学校教育法11条は「校長及び教員は、教育上必要があると認めるときは、児童らに懲戒を加えることができる。ただし、体罰を加えることはできない」と規定している。同小法廷は「行為に穏当は欠く」としたが、「許される教育的指導の範囲を逸脱せず、体罰には当たらない」と判断。体罰かどうかを判断する要素として、行為の目的や態様、継続時間を挙げた。
1、2審判決などによると、教員は14年11月、休み時間に女子児童をけった男児らを注意。男児が教員の尻もけったため、胸元をつかんで壁に押しつけ、「もう、すんなよ」と怒った。
◇
≪萎縮する教員に指針≫
児童の胸元をつかんでしかる行為を体罰にあたらないとした28日の最高裁判決は、教員が萎縮(いしゅく)するあまり、厳しい生徒指導をためらう教育現場の実情に配慮した判断といえる。
学校教育法11条の体罰の基準は不明確だった。授業中に騒いだ児童を廊下に立たせる指導まで、体罰や人権侵害だと保護者らから批判されることもあり、「モンスターペアレント」という言葉すら生まれた。
体罰について昭和23年の法務庁長官回答では、「懲戒の内容が身体的性質のものである場合」と定義。文部科学省は平成19年2月に体罰基準を見直し、肉体的苦痛を与えるものでない限り放課後の居残り指導や授業中の教室内での起立命令を体罰としない−と全国の都道府県教委などに通知した。しかし、基本的には昭和23年の枠を出ていない。
最高裁判決は「殴る、ける」や「肉体的苦痛」を容認したものではなく、体罰の定義も示していない。しかし、許される行為を明示し、体罰か否かを判断する要素として「目的、態様、継続時間」を挙げたことは、指導に戸惑う教育現場にひとつの指針を与えるものになりそうだ。(酒井潤)

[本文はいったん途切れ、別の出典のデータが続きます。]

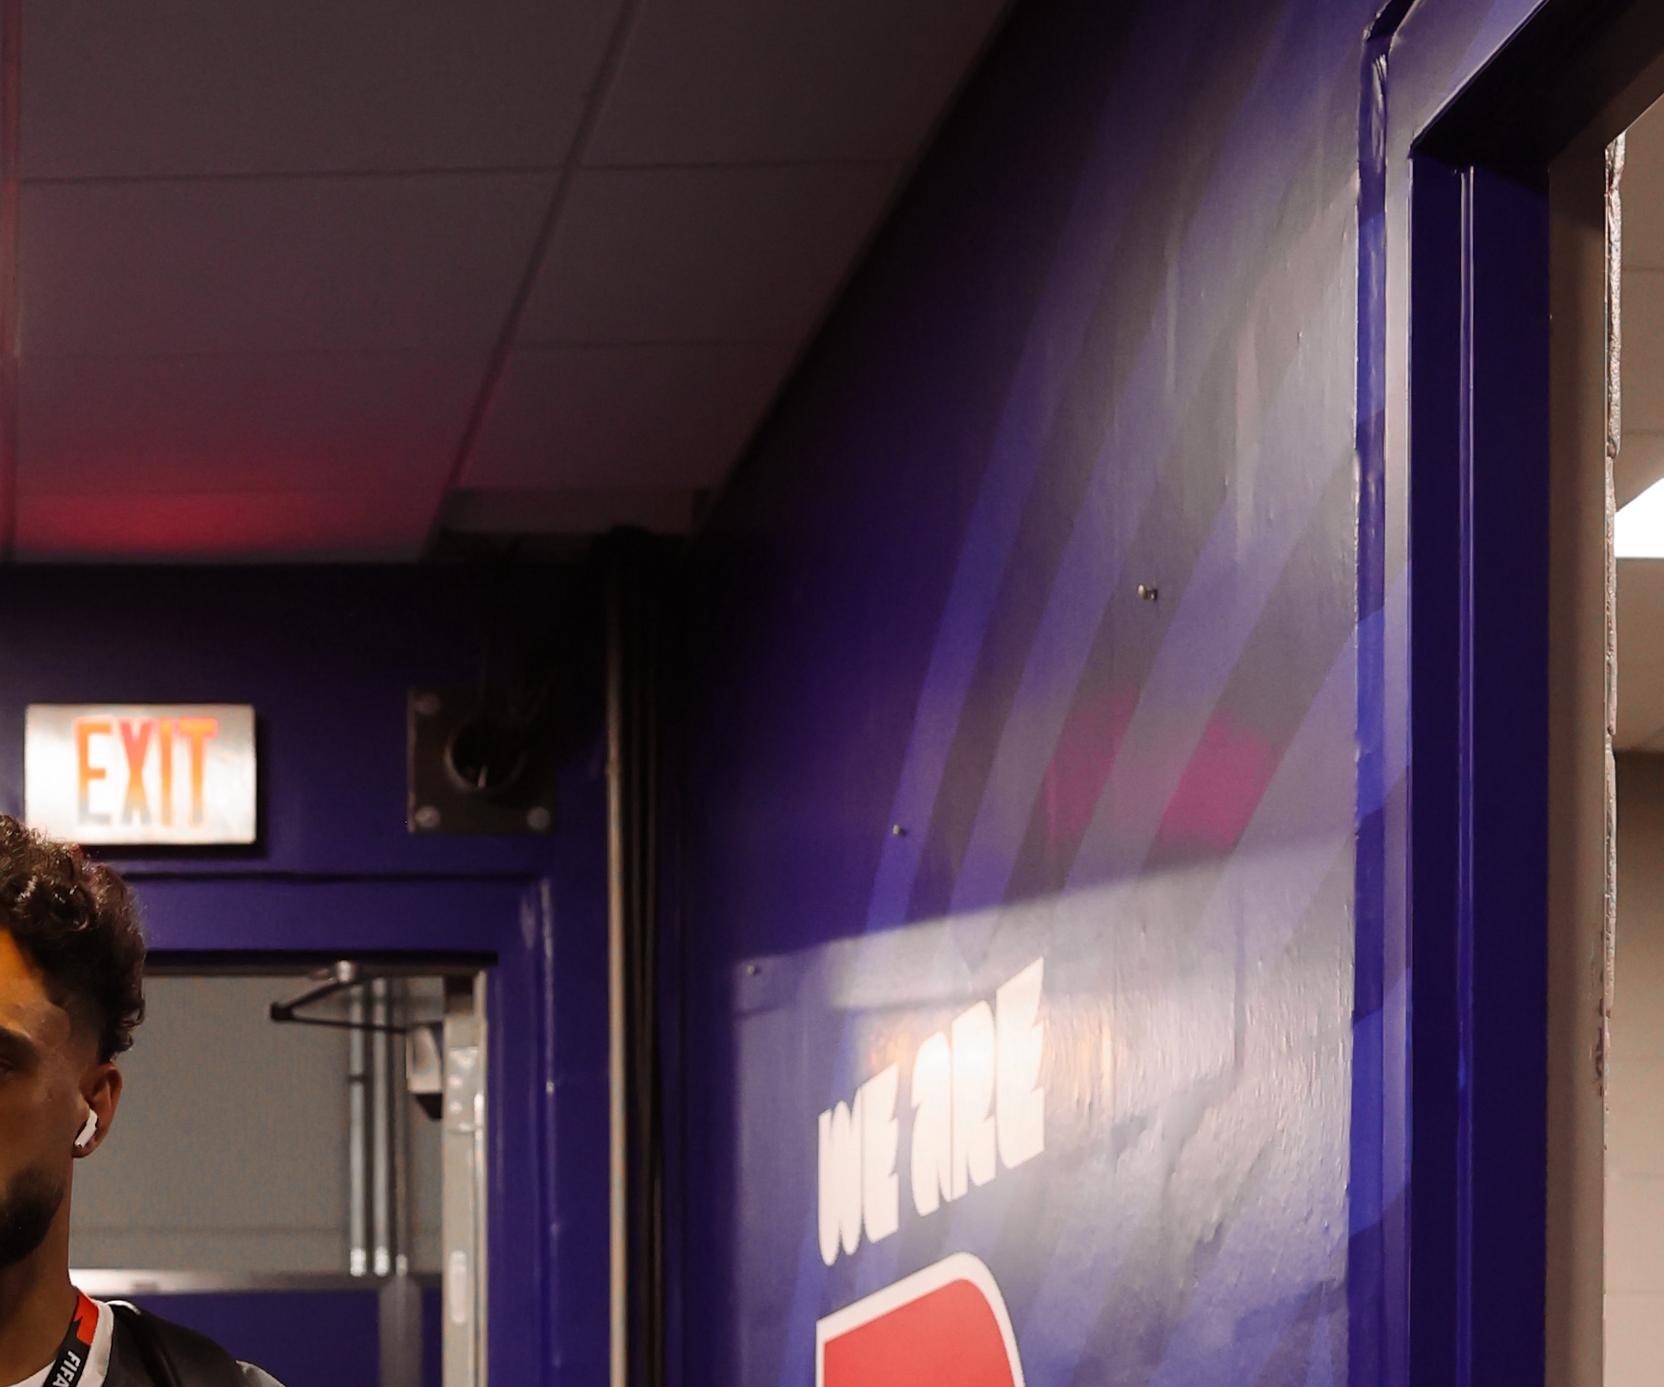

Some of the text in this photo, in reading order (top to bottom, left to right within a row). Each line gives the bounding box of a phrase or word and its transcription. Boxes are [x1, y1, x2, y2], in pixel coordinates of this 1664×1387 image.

[74, 716, 218, 827] EXIT
[817, 956, 1045, 1267] WE ARE
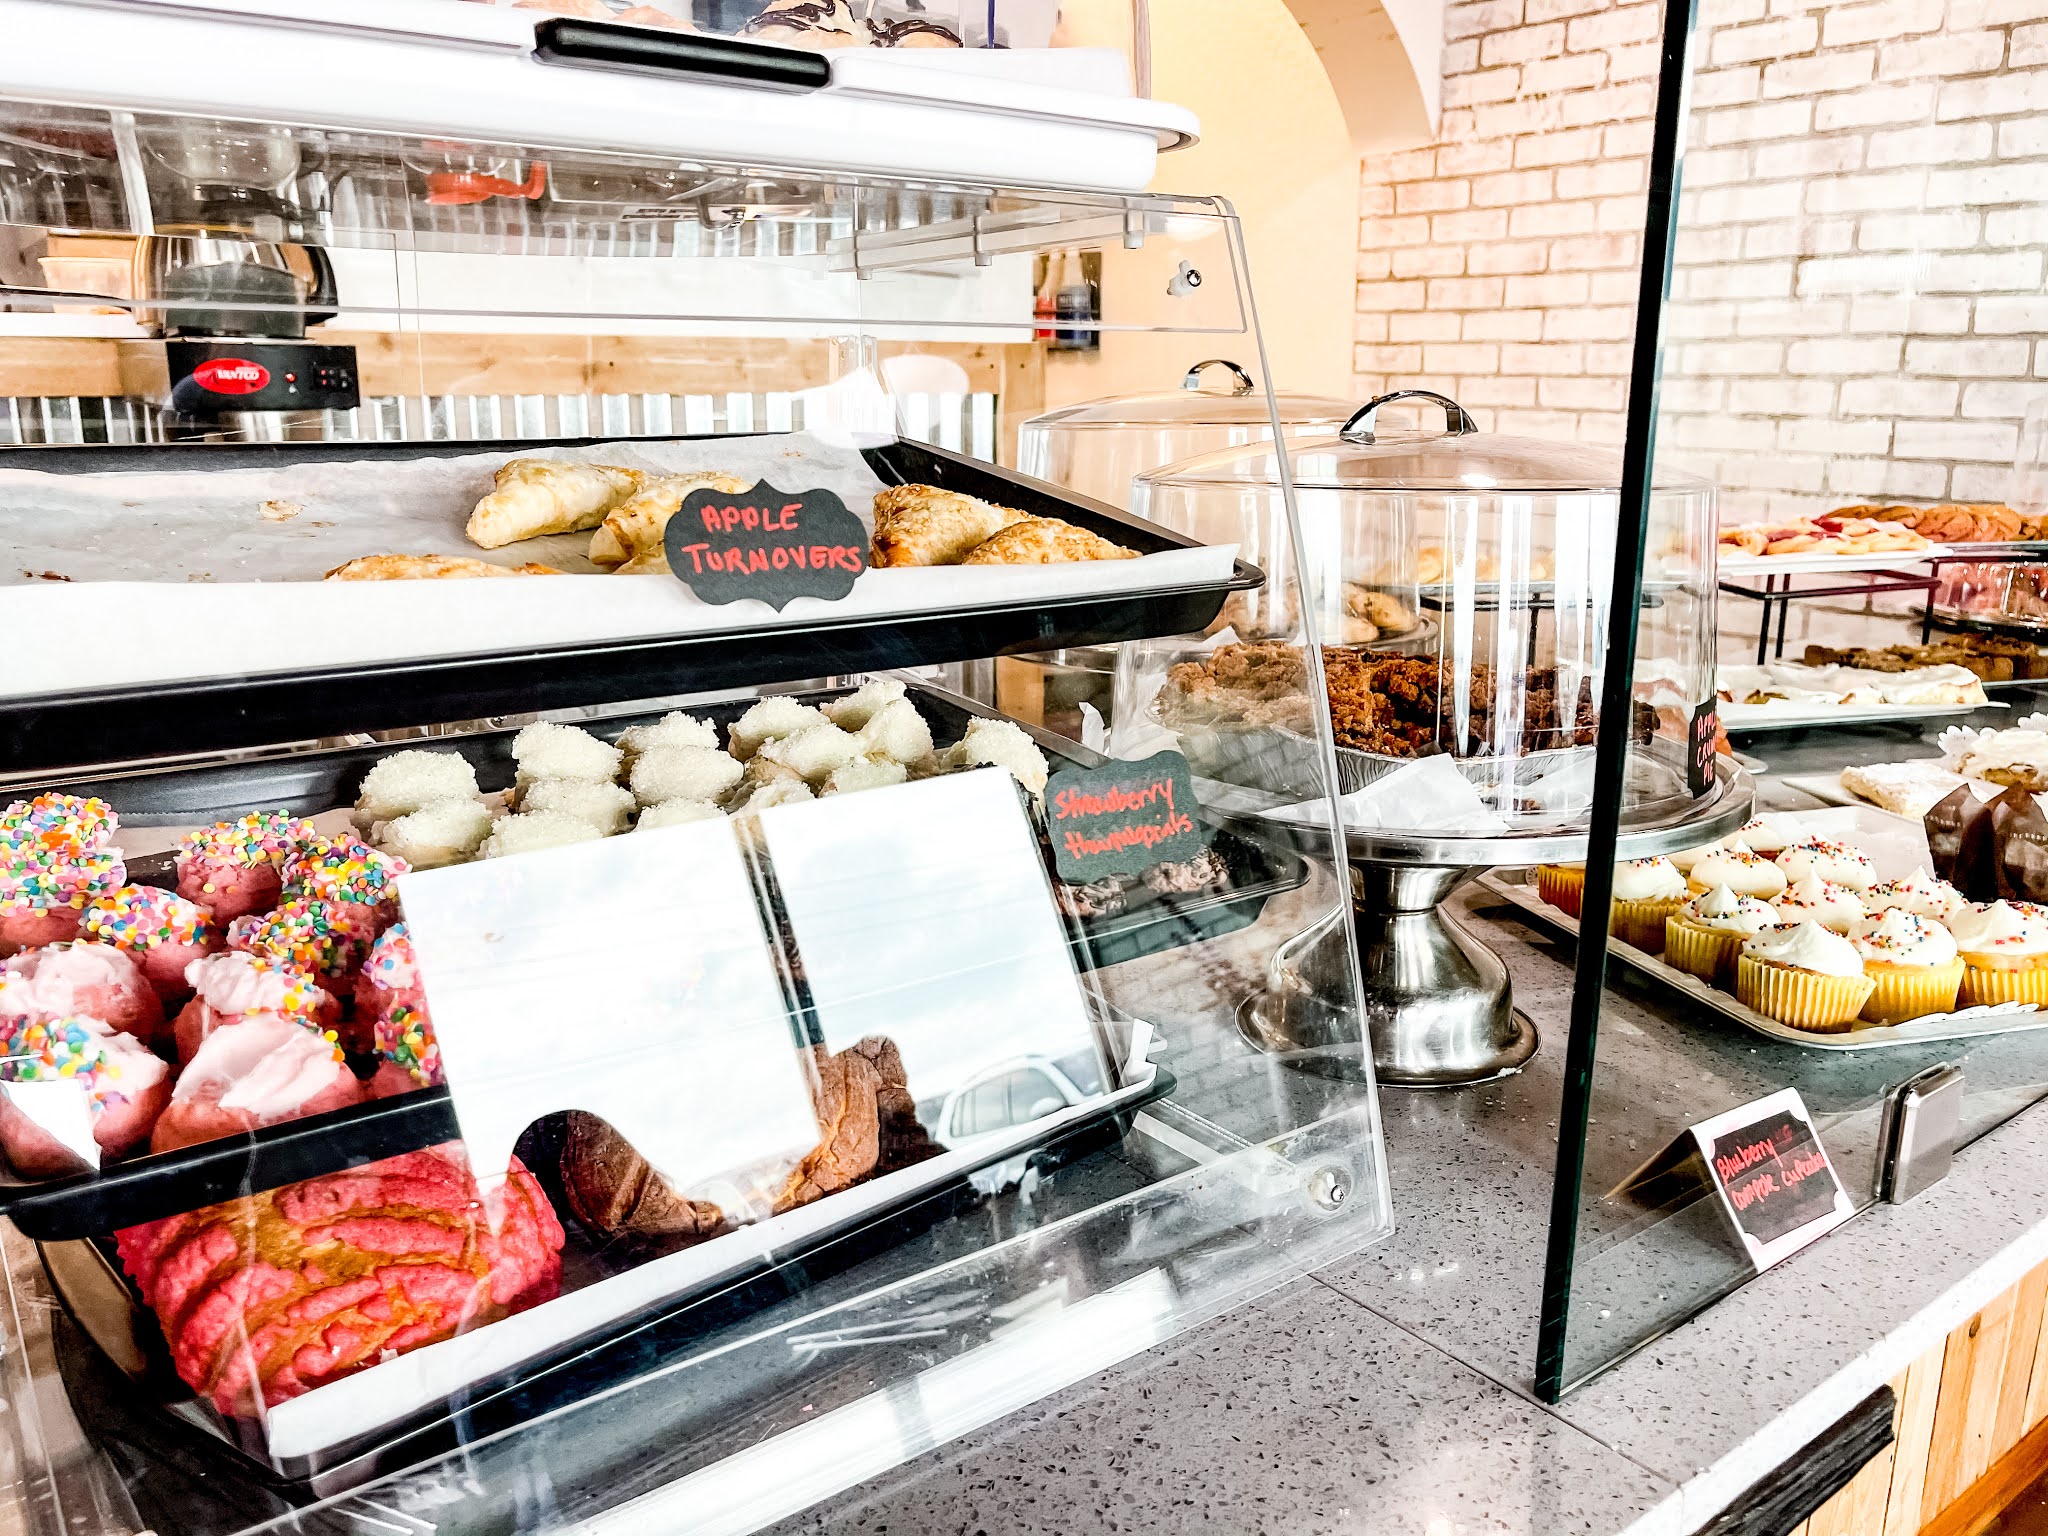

教員の行為が体罰に当たるかどうかが争われた民事訴訟で、最高裁が判断を示したのは初めて。
学校教育法11条は「校長及び教員は、教育上必要があると認めるときは、児童らに懲戒を加えることができる。ただし、体罰を加えることはできない」と規定している。同小法廷は「行為に穏当は欠く」としたが、「許される教育的指導の範囲を逸脱せず、体罰には当たらない」と判断。体罰かどうかを判断する要素として、行為の目的や態様、継続時間を挙げた。
1、2審判決などによると、教員は14年11月、休み時間に女子児童をけった男児らを注意。男児が教員の尻もけったため、胸元をつかんで壁に押しつけ、「もう、すんなよ」と怒った。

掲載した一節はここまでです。